Start of Given data

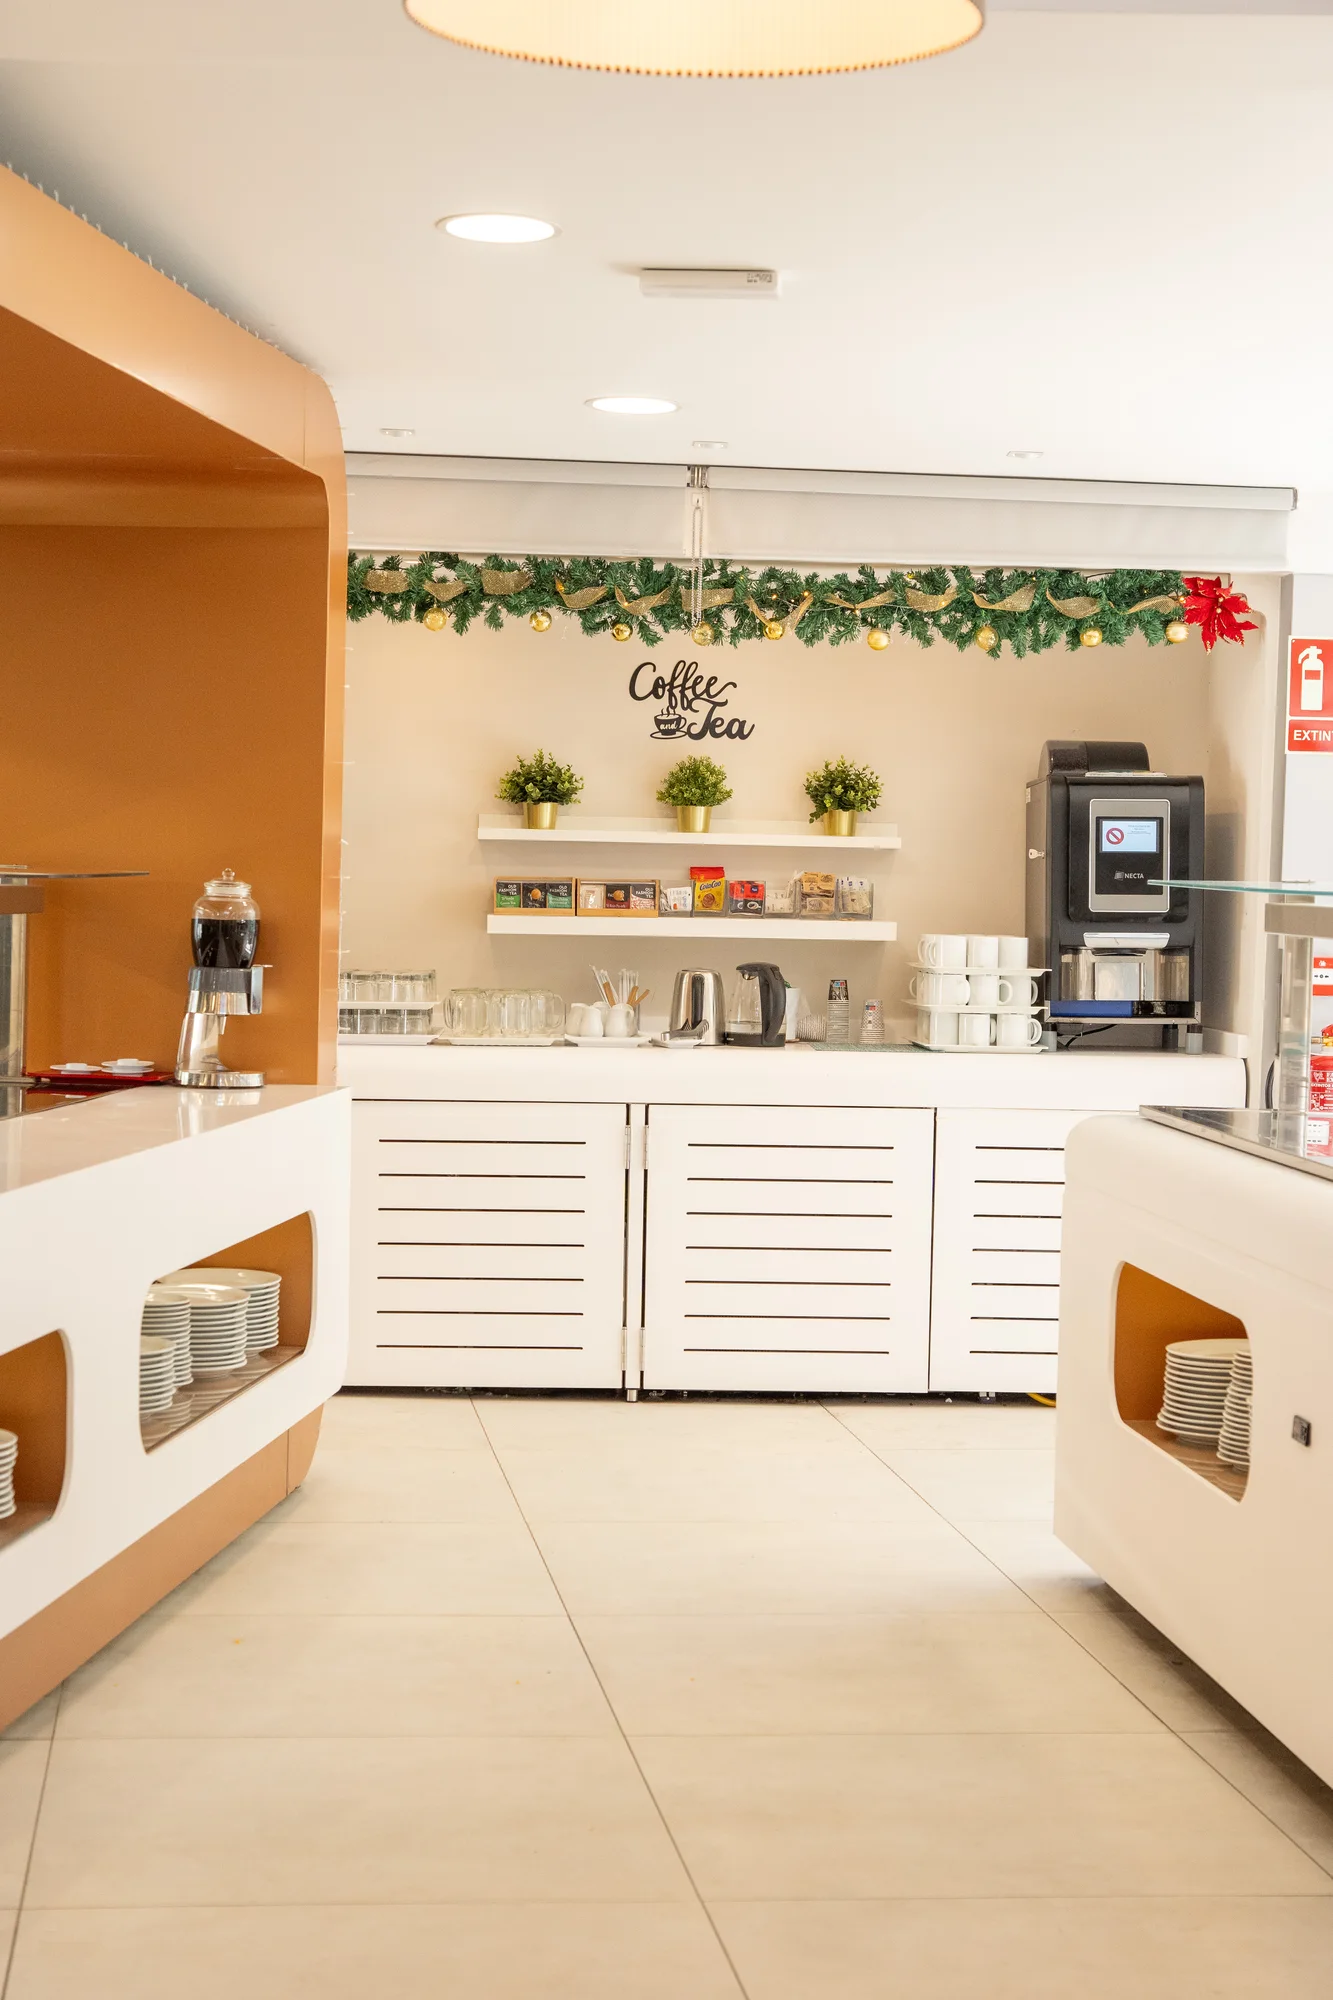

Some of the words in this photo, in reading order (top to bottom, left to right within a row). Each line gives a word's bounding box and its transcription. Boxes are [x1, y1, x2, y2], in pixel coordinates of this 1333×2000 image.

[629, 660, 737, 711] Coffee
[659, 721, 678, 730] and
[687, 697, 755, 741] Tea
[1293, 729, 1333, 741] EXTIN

End of Given data

__Task details__.
A verbatim copy of the material, pictures excluded, is what must be produced.

__Answer to this problem__.
Some of the words in this photo, in reading order (top to bottom, left to right within a row). Each line gives a word's bounding box and its transcription. Boxes are [x1, y1, x2, y2], in pixel coordinates of this 1333×2000 image.

[629, 660, 737, 711] Coffee
[659, 721, 678, 730] and
[687, 697, 755, 741] Tea
[1293, 729, 1333, 741] EXTIN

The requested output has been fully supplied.